= Brill Palace =

Medieval English royal residence

Brill Palace was a medieval English royal residence located in the village of Brill in the Aylesbury Vale, Buckinghamshire. It was within the jurisdiction of the former Ashendon Hundred.

Brill Palace was founded during the Heptarchy and was used by Edward the Confessor. Henry II visited it at least twice, in 1160 and 1162. In 1203, John granted the manor of Brill to Walter Borstard, his chaplain, at the same time naming Borstard keeper of the palace. Henry III was in residence during 1224; he stayed at Missenden Abbey several times while en route to Brill and is recorded as having rewarded the monks for their hospitality with presents of timber.

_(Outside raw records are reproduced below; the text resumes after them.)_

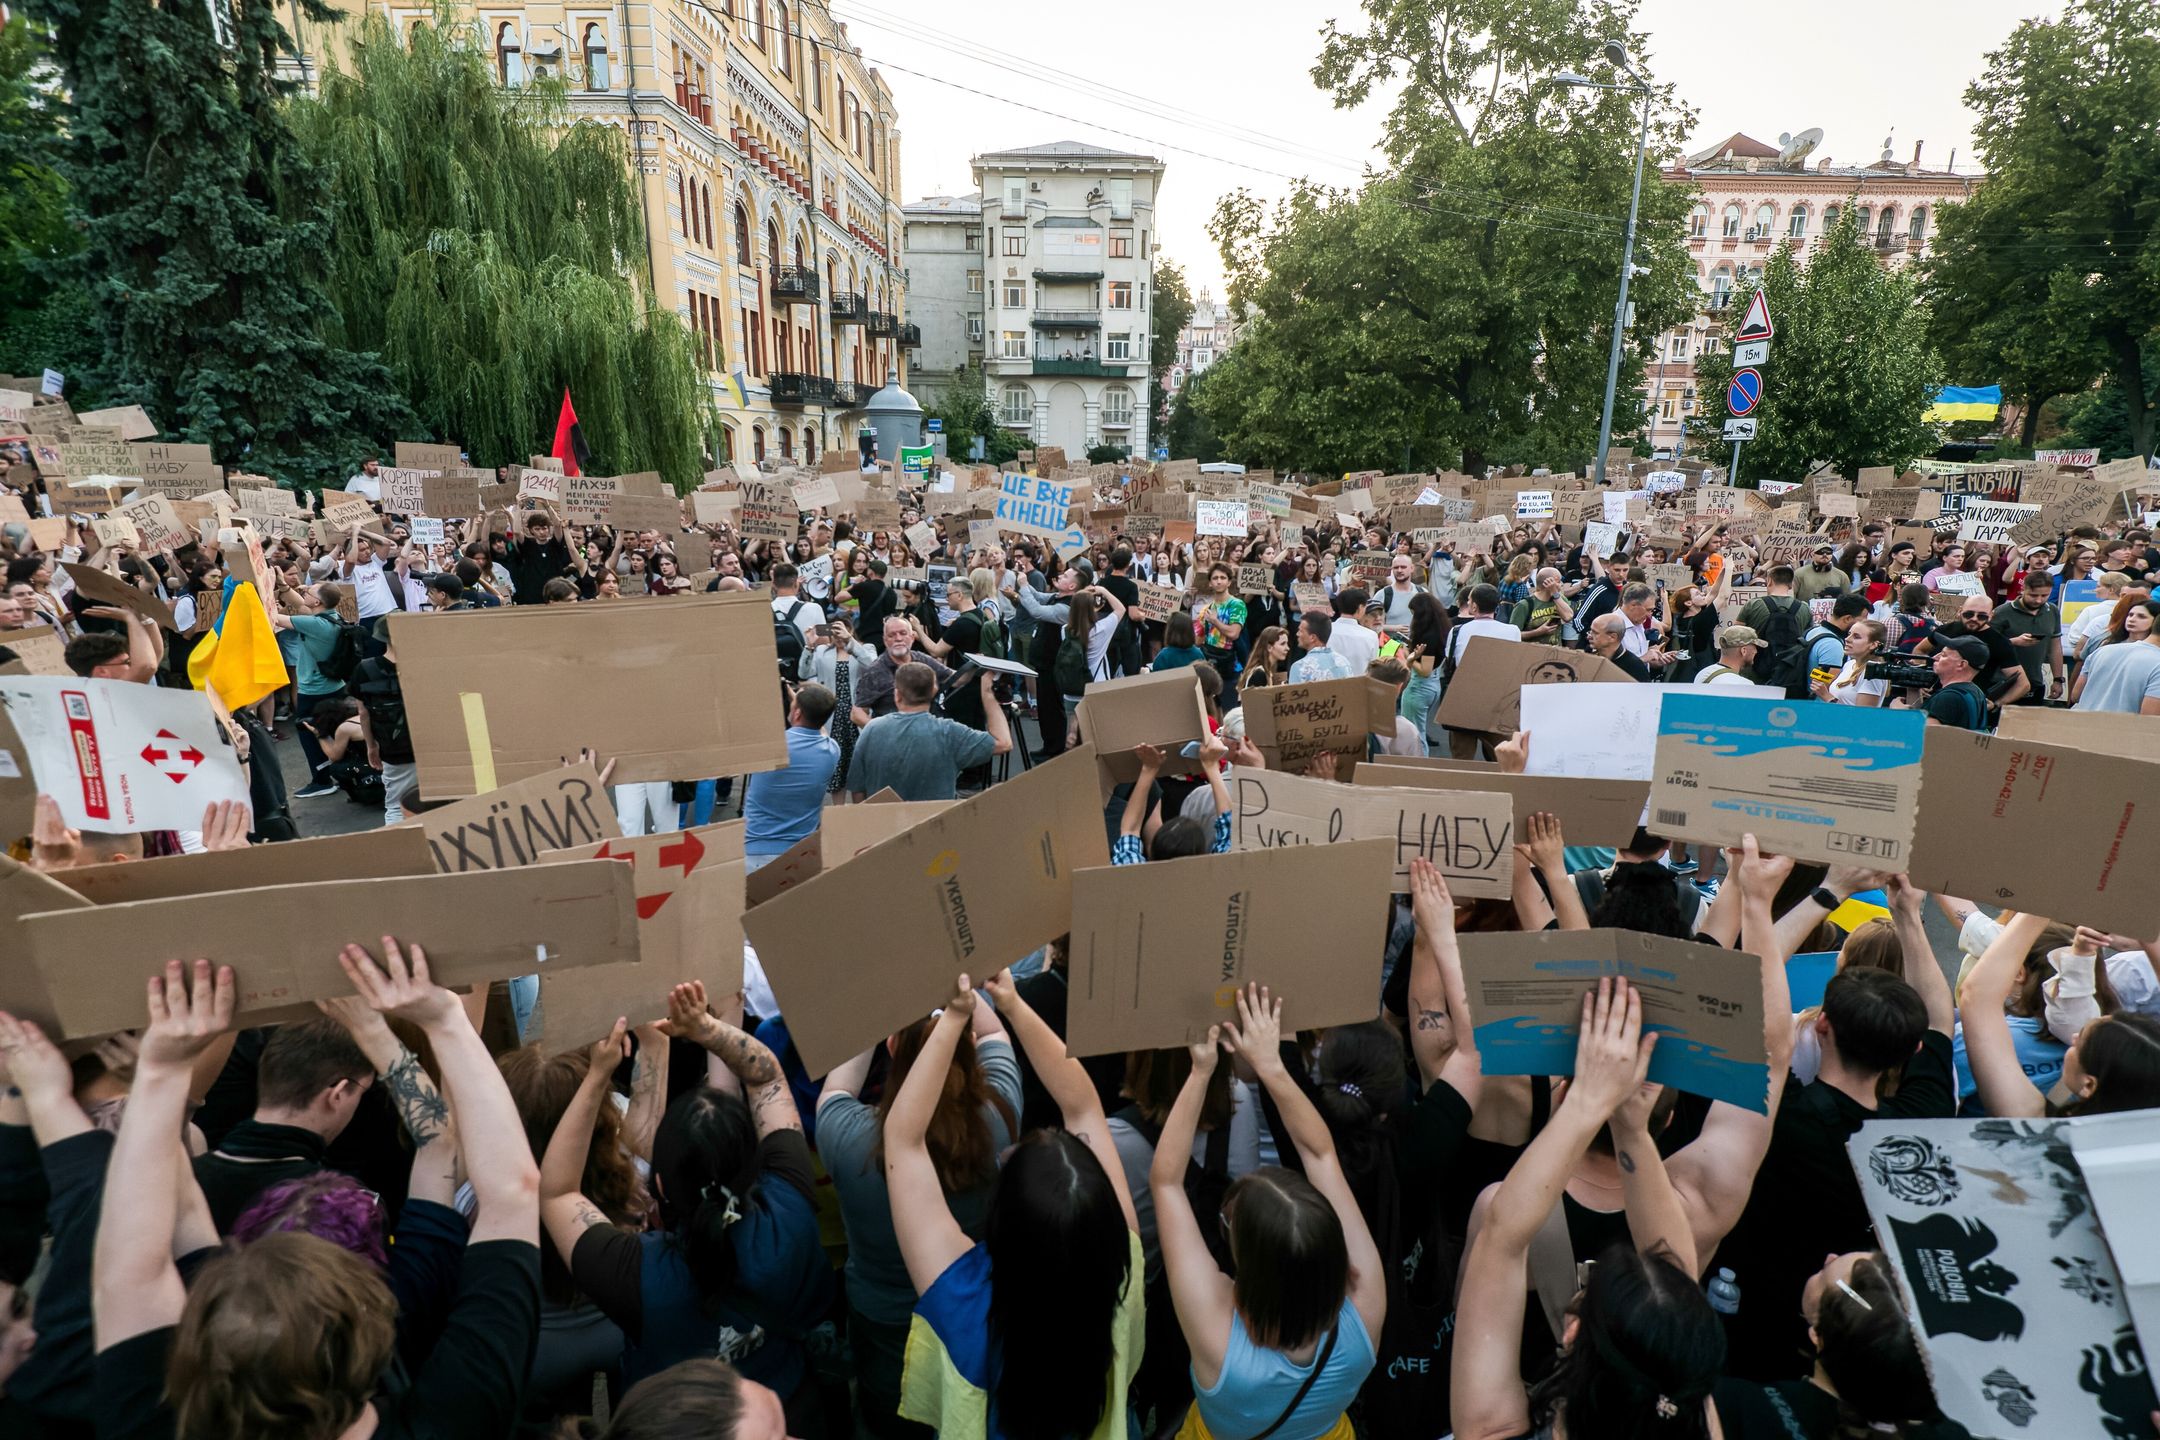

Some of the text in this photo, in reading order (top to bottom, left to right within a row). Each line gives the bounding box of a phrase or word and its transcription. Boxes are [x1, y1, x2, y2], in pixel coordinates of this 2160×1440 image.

[146, 463, 189, 474] НАБУ
[570, 479, 616, 490] НАХУЯ
[1122, 473, 1160, 499] ВОВА
[1944, 470, 2020, 494] НЕ МОВЧИ!
[1003, 474, 1031, 498] ЦЕ
[1036, 480, 1073, 508] ВЖЕ
[1561, 493, 1580, 503] ВСЕ
[1707, 490, 1735, 498] ІДЕМ
[1124, 493, 1142, 512] ТИ
[1940, 494, 1959, 511] ЦЕ
[123, 500, 160, 524] ВЕТО
[743, 510, 771, 519] НАБУ
[996, 497, 1068, 532] КІНЕЦЬ
[1966, 506, 1978, 519] ТИ
[143, 518, 158, 530] НА
[1776, 519, 1805, 532] ГАНЬБА
[144, 525, 170, 544] АКОН
[1055, 531, 1084, 553] ?
[1764, 535, 1829, 547] МОГИЛЯНКА
[1241, 575, 1255, 584] ЦЕ
[1242, 568, 1266, 576] ВОВА
[1144, 596, 1174, 609] СИСТЕМА
[1164, 593, 1181, 602] МЕНІ
[2034, 754, 2048, 768] 30
[1682, 780, 1698, 788] 950
[120, 773, 136, 825] НОВА ПОШТА
[1398, 809, 1511, 870] НАБУ
[944, 874, 976, 959] УКРПОШТА
[1222, 891, 1241, 983] УКРПОШТА
[1935, 1249, 1971, 1303] РОДОВІД
[1387, 1355, 1431, 1380] CAFE

The manor subsequently passed to Hugh de Neville in 1226 and Richard, 1st Earl of Cornwall by 1233. In 1252, a hermitage dedicated to Saint Werburgh was established by Henry III, with the condition that the canons of Chetwode, who were responsible for the endowment, should supply chaplains not only for the hermitage but also for the chapel of Brill Palace. During the English Civil War, a royal garrison held the palace from November 1642 to April 1643, repulsing an attack by parliamentary forces under the command of John Hampden.

The ruins of the palace were still visible in 1885, and the site remains a scheduled ancient monument.